LLC Vs. C-corp: What are their Differences?

LLC Vs. C-corp: What are their Differences?

Limited liabilities Companies and corporations are the leading corporate entities in the United States. Each business type offers more advantageous features for some companies than others.

Suppose you are a sole proprietor or partnership and wish to protect your business or personal assets, so forming an LLC or a corporation is appropriate. These two entities provide the owners with limited liability.

A corporation is also called a C-corp or C-corporation, while a limited liabilities corporation is also called an LLC. This blog navigates the differences between LLC and C-corp to help you determine which entity best suits your business needs.

What's LLC?

An LLC is a business structure incorporating some features of sole traders or partners, but it is a legal entity, like a corporation. Management and formation/tax structure are flexible, and LLCs are easy to set up and maintain overall.

The business income of an LLC is taxed collectively as 'pass-through income, ' implying that the income generated by an LLC goes through the members' income tax returns. However, LLCs can also be taxed, such as S-corps, which have passed through taxation, or C-corps, which are subject to double taxation.

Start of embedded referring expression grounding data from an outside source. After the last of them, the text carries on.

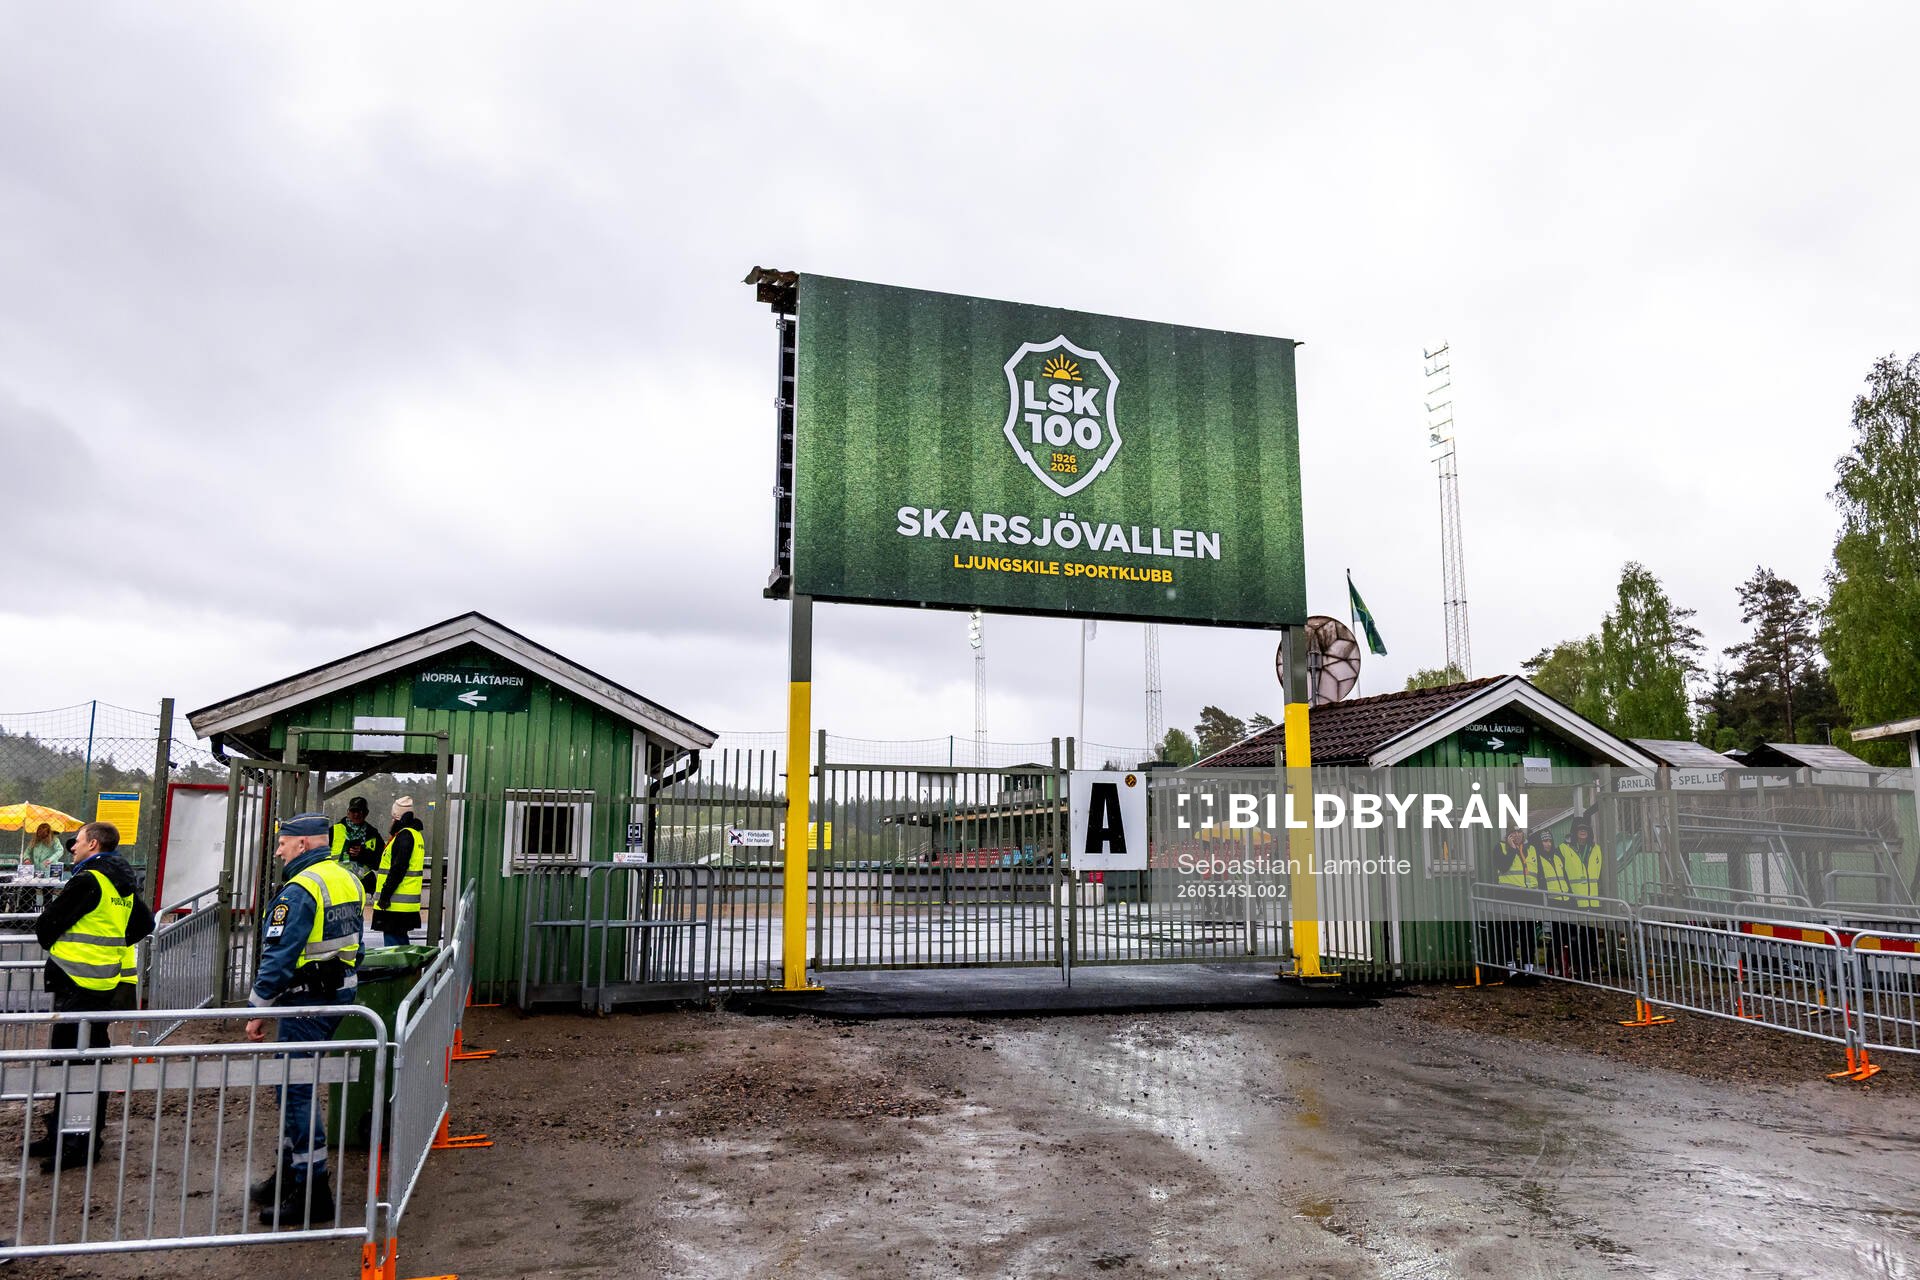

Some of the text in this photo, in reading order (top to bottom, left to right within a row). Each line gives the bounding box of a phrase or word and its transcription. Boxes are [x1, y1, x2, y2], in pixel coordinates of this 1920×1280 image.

[1024, 380, 1101, 417] LSK
[1024, 412, 1102, 450] 100
[1050, 462, 1078, 473] 2026
[1051, 453, 1076, 464] 1926
[896, 506, 1221, 560] SKARSJÖVALLEN
[954, 554, 1173, 583] LJUNGSKILE SPORTKLUBB
[422, 672, 524, 687] NORRA LÄKTAREN
[1489, 723, 1525, 733] LÄKTAREN
[1085, 782, 1127, 855] A

Here are some LLC characteristics:

  1. LLC is a business entity that provides founders with limited liability protection. As a business owner, your personal assets are safeguarded, and liability for business obligations and debts is transferred to your business.
  2. LLC provides pass-through taxation, meaning founders pay personal income taxes from business income.

What's a C-corporation?

A C corporation is a company structure that ensures that the management and the business owners are separate entities or personalities or that they could be the same people. Ownership is recorded in units of shares, each of which has a specific amount of control over the business and its rights to the upside of that business. Owners are called shareholders.

Most well-known business establishments qualify as C corporations; one can hold stock in Google without being obligated to function at Google. This assumption of the possibility of the separation between control and ownership extends across the mechanics and regulations of C corporations. Delaware has a highly developed legal framework for corporate matters, making it more likely to get a predicted result in a litigation process.

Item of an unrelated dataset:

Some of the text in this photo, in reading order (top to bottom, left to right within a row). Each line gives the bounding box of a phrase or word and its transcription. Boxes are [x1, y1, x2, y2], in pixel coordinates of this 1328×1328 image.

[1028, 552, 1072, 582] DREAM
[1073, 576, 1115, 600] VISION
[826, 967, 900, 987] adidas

Let's look into the primary characteristics of C-corp:

  1. C corporations offer limited liability to shareholders, meaning they're not held personally responsible for the company's liabilities.
  2. C corporations are taxed on corporate taxes based on their income generation and have separate returns with extensive requirements. The shareholders are taxed separately if the company distributes dividends or pays them a salary.

LLC vs. C-corp: Similarities

They are recognized companies in the United States, and, in most cases, third parties, including the potential business partners and government, acknowledge both. However, this may not be similar in some countries, so the local equivalents of the LLCs may be at a disadvantage compared to the C corporations.

Like any business structure, both LLCs and C corporations intend to protect business owners and managers from the legal ramifications of the company's operations and financial obligations.

Both can sign contracts, acquire other firms or be owned by them, own many properties, use banking facilities, and run ventures.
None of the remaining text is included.